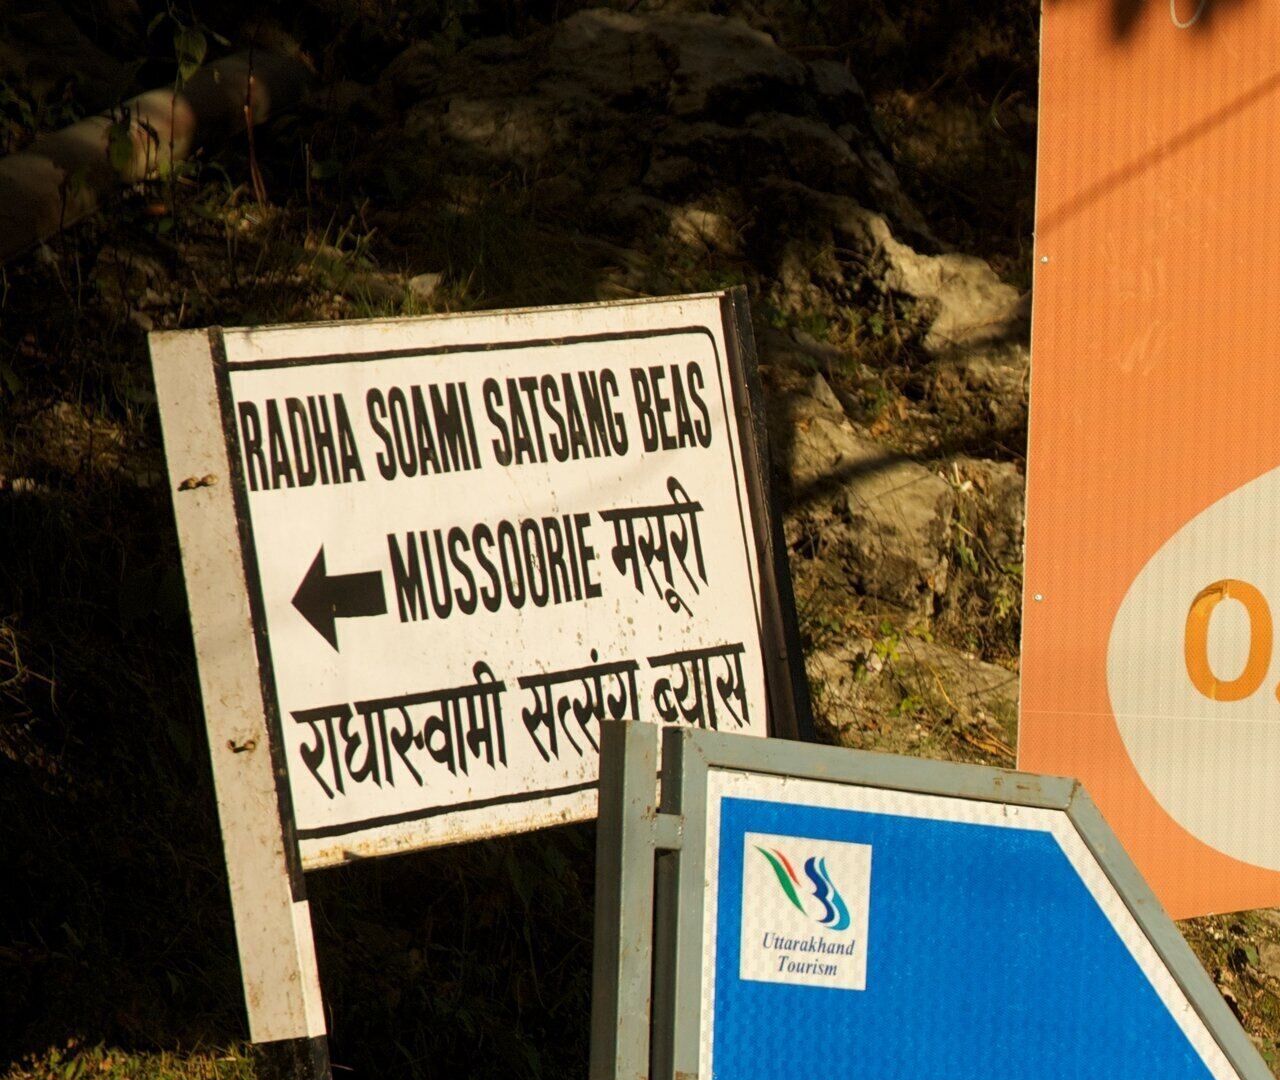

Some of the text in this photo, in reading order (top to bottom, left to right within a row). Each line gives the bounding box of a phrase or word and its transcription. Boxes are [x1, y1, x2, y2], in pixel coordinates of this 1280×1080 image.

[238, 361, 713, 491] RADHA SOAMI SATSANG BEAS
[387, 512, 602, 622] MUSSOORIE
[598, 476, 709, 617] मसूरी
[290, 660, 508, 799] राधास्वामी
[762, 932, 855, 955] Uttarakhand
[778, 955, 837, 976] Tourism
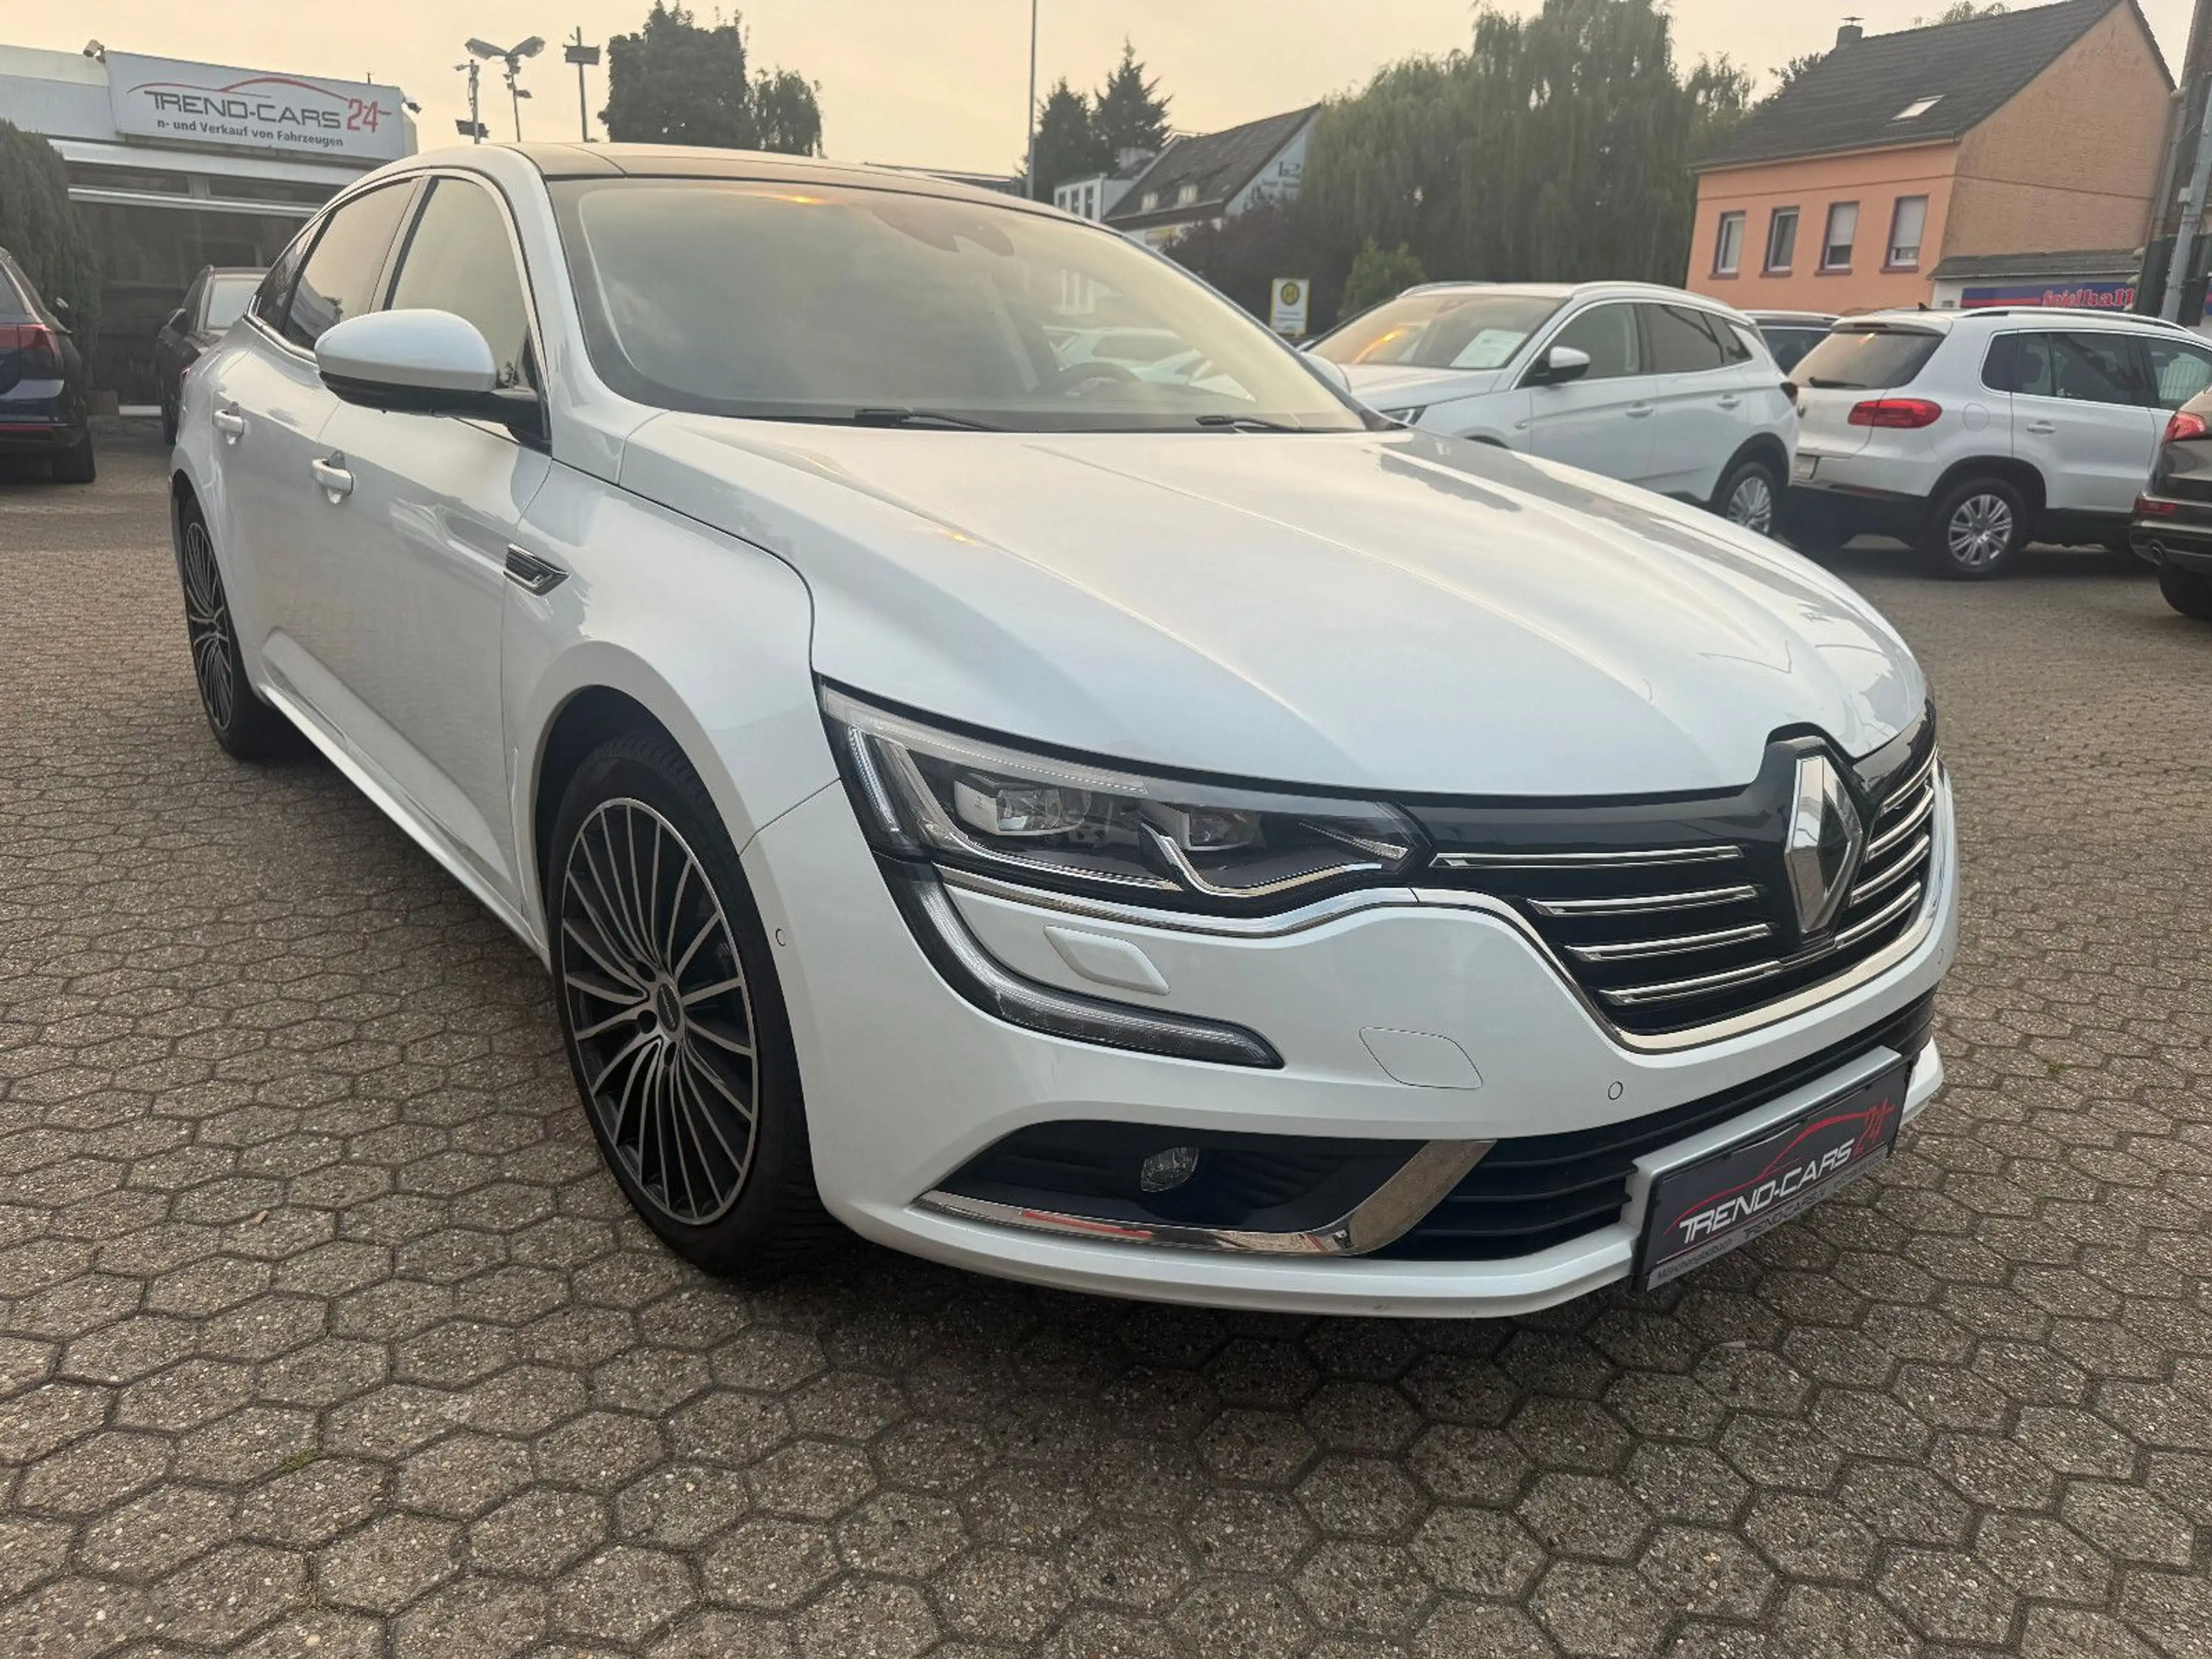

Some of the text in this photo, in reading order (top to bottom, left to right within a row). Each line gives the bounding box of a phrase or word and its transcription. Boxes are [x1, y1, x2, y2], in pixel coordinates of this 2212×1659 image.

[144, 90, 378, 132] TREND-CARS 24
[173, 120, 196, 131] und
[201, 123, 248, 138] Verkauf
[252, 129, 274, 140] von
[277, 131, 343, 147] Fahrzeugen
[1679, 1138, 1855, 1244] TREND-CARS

┄┄┄┄┄┄

=== TO DO ===
Return every entry above exactly as written, with no pictures included.

=== ANSWER TO THIS EXERCISE ===
Some of the text in this photo, in reading order (top to bottom, left to right within a row). Each line gives the bounding box of a phrase or word and its transcription. Boxes are [x1, y1, x2, y2], in pixel coordinates of this 1280×1080 image.

[238, 361, 713, 491] RADHA SOAMI SATSANG BEAS
[387, 512, 602, 622] MUSSOORIE
[598, 476, 709, 617] मसूरी
[290, 660, 508, 799] राधास्वामी
[762, 932, 855, 955] Uttarakhand
[778, 955, 837, 976] Tourism

Some of the text in this photo, in reading order (top to bottom, left to right within a row). Each line gives the bounding box of a phrase or word and its transcription. Boxes are [x1, y1, x2, y2], in pixel coordinates of this 2212×1659 image.

[144, 90, 378, 132] TREND-CARS 24
[173, 120, 196, 131] und
[201, 123, 248, 138] Verkauf
[252, 129, 274, 140] von
[277, 131, 343, 147] Fahrzeugen
[1679, 1138, 1855, 1244] TREND-CARS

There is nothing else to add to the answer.